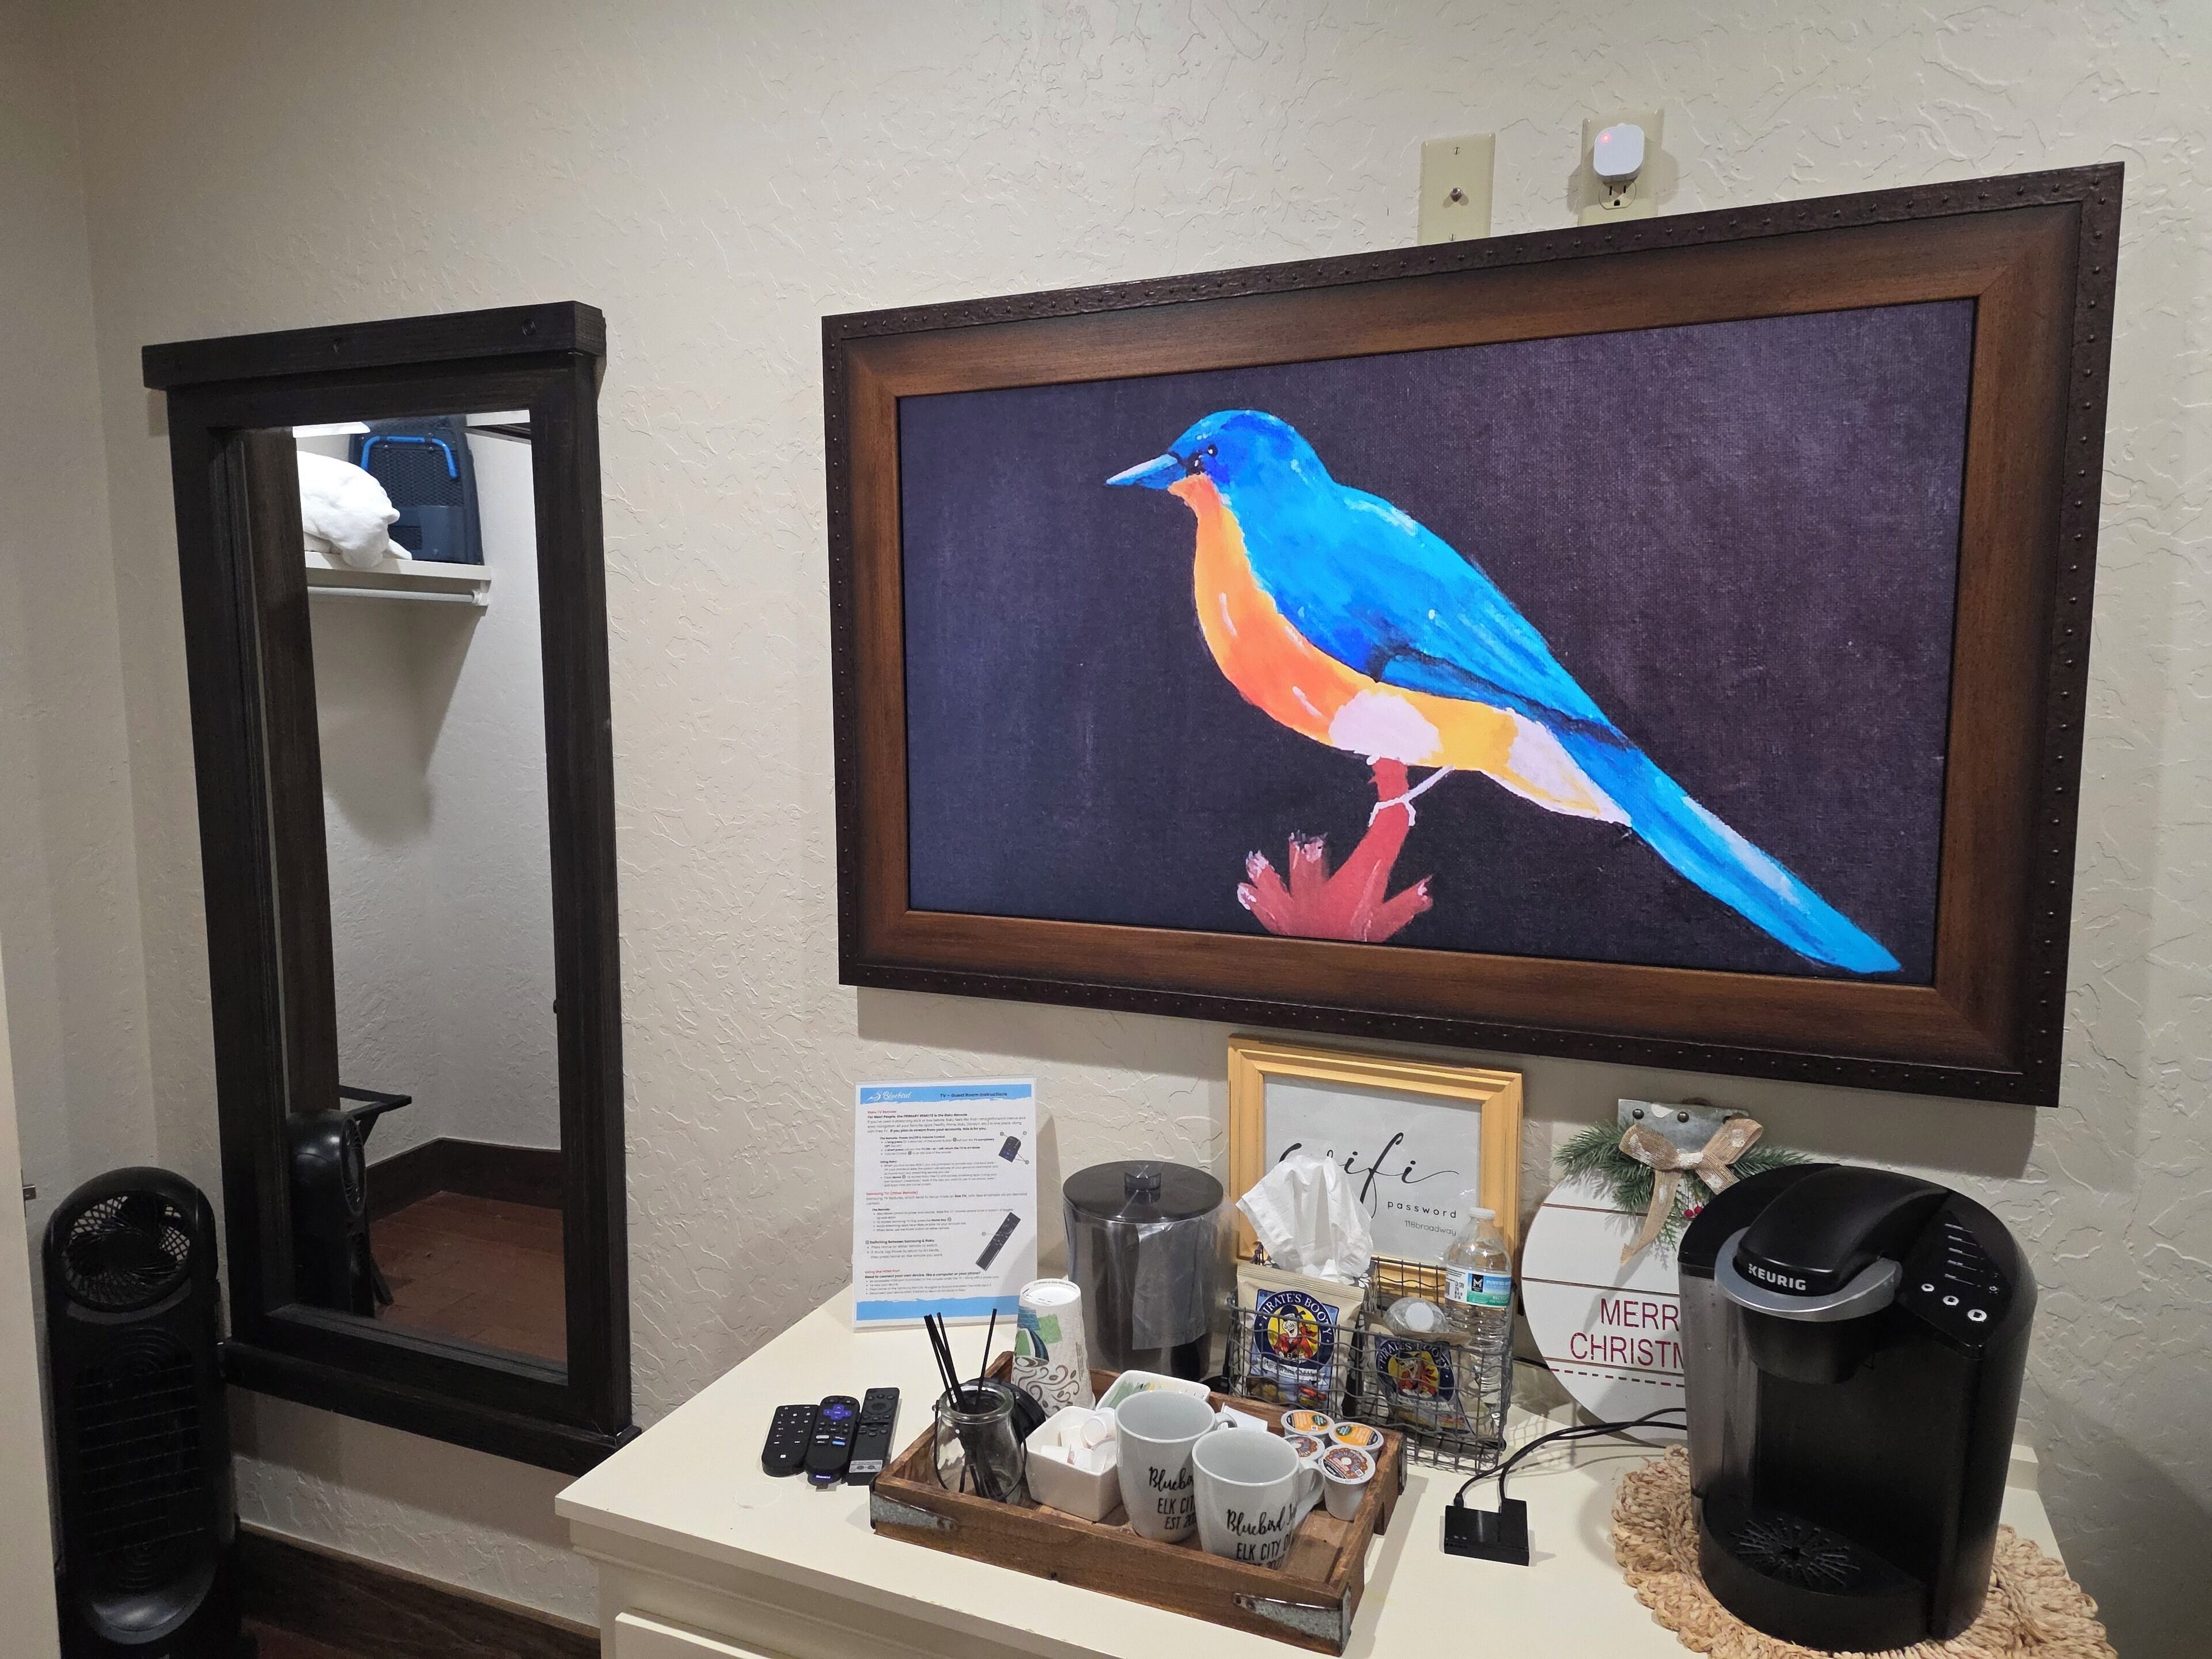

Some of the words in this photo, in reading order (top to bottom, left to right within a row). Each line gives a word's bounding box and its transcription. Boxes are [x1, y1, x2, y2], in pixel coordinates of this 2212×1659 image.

[882, 1091, 912, 1100] Bluebird
[1278, 1132, 1460, 1219] ifi
[1387, 1200, 1457, 1219] password
[1404, 1219, 1457, 1237] 118broadway
[1748, 1263, 1806, 1291] KEURIG
[1601, 1298, 1680, 1332] MERR
[1570, 1332, 1684, 1369] CHRIST
[1149, 1466, 1194, 1491] Bluebi
[1157, 1498, 1176, 1514] ELK
[1180, 1495, 1195, 1514] CIT
[1164, 1516, 1181, 1530] EST
[1183, 1512, 1196, 1528] 20
[1226, 1505, 1286, 1536] Bluebird
[1236, 1542, 1256, 1561] ELK
[1260, 1538, 1282, 1561] CITY
____
### DIRECTIONS
The listing above must be retyped word for word, without the pictures.

### EXERCISE SOLUTION
Some of the words in this photo, in reading order (top to bottom, left to right within a row). Each line gives a word's bounding box and its transcription. Boxes are [x1, y1, x2, y2], in pixel coordinates of this 2212×1659 image.

[882, 1091, 912, 1100] Bluebird
[1278, 1132, 1460, 1219] ifi
[1387, 1200, 1457, 1219] password
[1404, 1219, 1457, 1237] 118broadway
[1748, 1263, 1806, 1291] KEURIG
[1601, 1298, 1680, 1332] MERR
[1570, 1332, 1684, 1369] CHRIST
[1149, 1466, 1194, 1491] Bluebi
[1157, 1498, 1176, 1514] ELK
[1180, 1495, 1195, 1514] CIT
[1164, 1516, 1181, 1530] EST
[1183, 1512, 1196, 1528] 20
[1226, 1505, 1286, 1536] Bluebird
[1236, 1542, 1256, 1561] ELK
[1260, 1538, 1282, 1561] CITY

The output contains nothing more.